Skip to content

Harvey Preprocessing Script - Status Report

Date: 2025-11-01 (Updated: 2025-11-18) Script: preprocessing/harvey/step2_extract_fragments.py Status:COMPLETE - All scripts validated and production-ready


Script Status (2025-11-06)

CONFIRMED: Data source verified as official Harvey Lab repository (debbiemarkslab/nanobody-polyreactivity). All preprocessing scripts operational and validated:

  • preprocessing/harvey/step1_convert_raw_csvs.py - Converts raw CSVs to processed format
  • preprocessing/harvey/step2_extract_fragments.py - ANARCI annotation and fragment extraction
  • preprocessing/harvey/test_psr_threshold.py - Standalone validation with PSR threshold (0.5495)
  • ✅ All validation tests passing
  • ✅ P0 blocker resolved (gap characters removed)
  • Best benchmark parity achieved (61.33% with PSR threshold 0.5495 vs Novo's 61.7%, gap: -0.37pp)

Pipeline fully operational. See data/test/harvey/README.md for current SSOT.

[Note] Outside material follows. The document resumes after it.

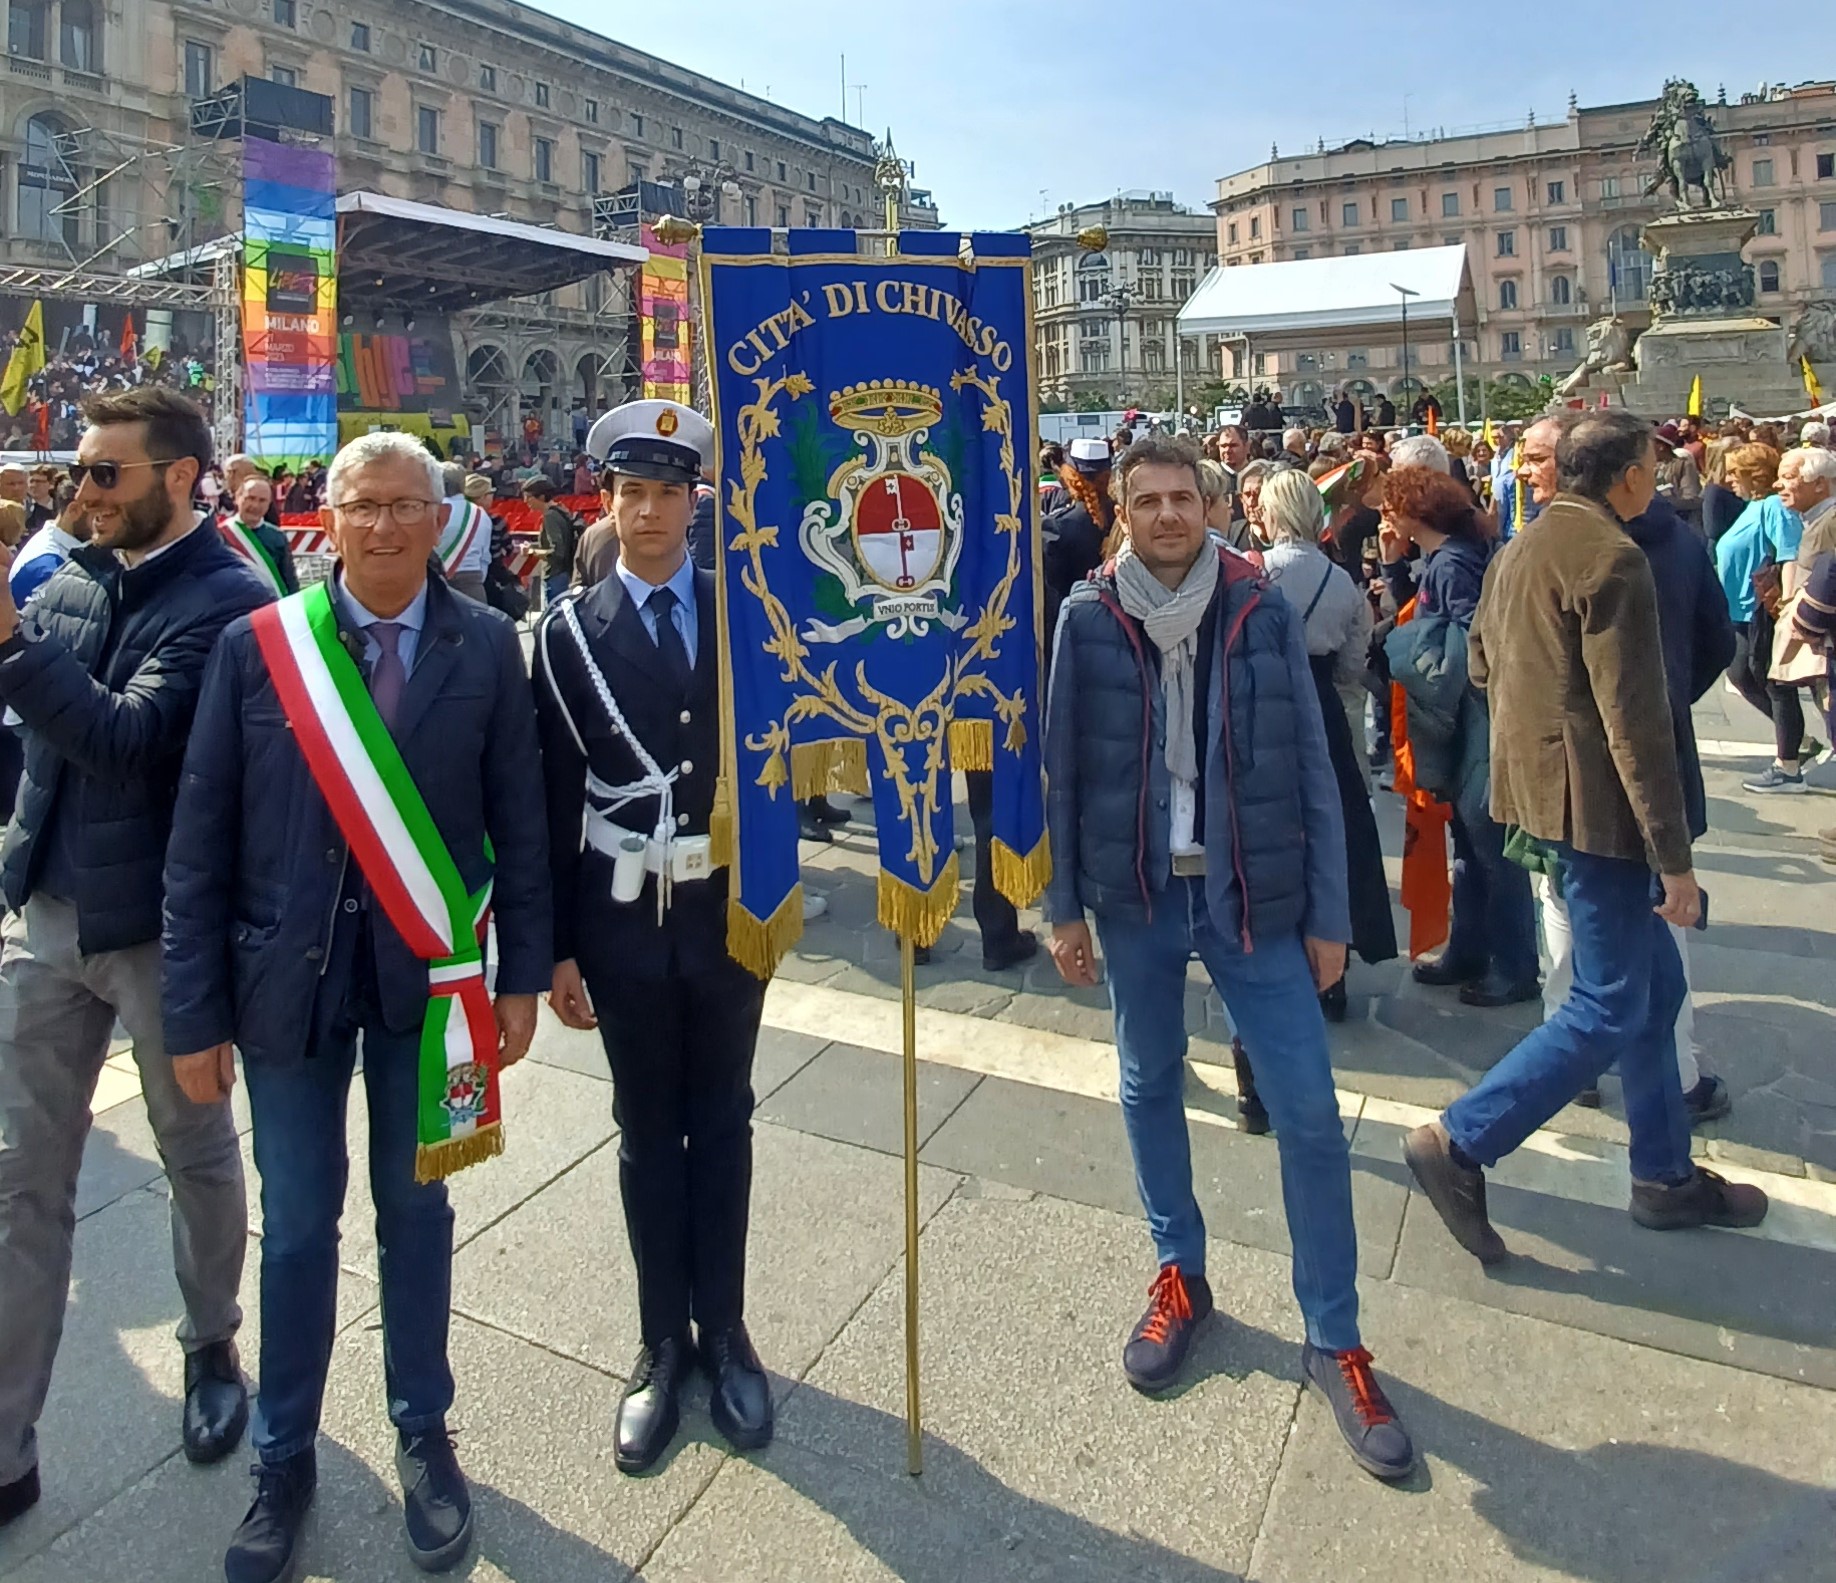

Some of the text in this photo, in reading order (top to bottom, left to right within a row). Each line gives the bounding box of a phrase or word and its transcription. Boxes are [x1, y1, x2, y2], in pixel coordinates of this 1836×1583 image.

[264, 314, 320, 334] MILANO
[821, 281, 871, 318] DI
[875, 280, 1012, 372] CHIVASSO

Processing Summary (Validated)

Harvey preprocessing script has been created, audited, and executed. Processing of the HuggingFace download (141,474 nanobodies) completed successfully with a 99.68% annotation rate.


What Was Done

1. Script Creation

  • ✅ Created preprocessing/harvey/step2_extract_fragments.py (250 lines)
  • ✅ Based on process_shehata.py template
  • ✅ Adapted for nanobodies (VHH only, no light chain)
  • ✅ Follows docs/datasets/harvey/harvey_preprocessing_implementation_plan.md specifications

2. External Audit

  • ✅ Launched independent Sonnet agent for verification
  • ✅ Audit found 2 critical issues + 4 minor issues
  • ✅ All issues documented in docs/datasets/harvey/archive/harvey_script_audit_request.md

3. Fixes Applied

Critical fixes: 1. ✅ Added sequence_length column to all fragment CSVs (spec compliance) 2. ✅ Fixed ID generation to use sequential counter (no gaps on failures)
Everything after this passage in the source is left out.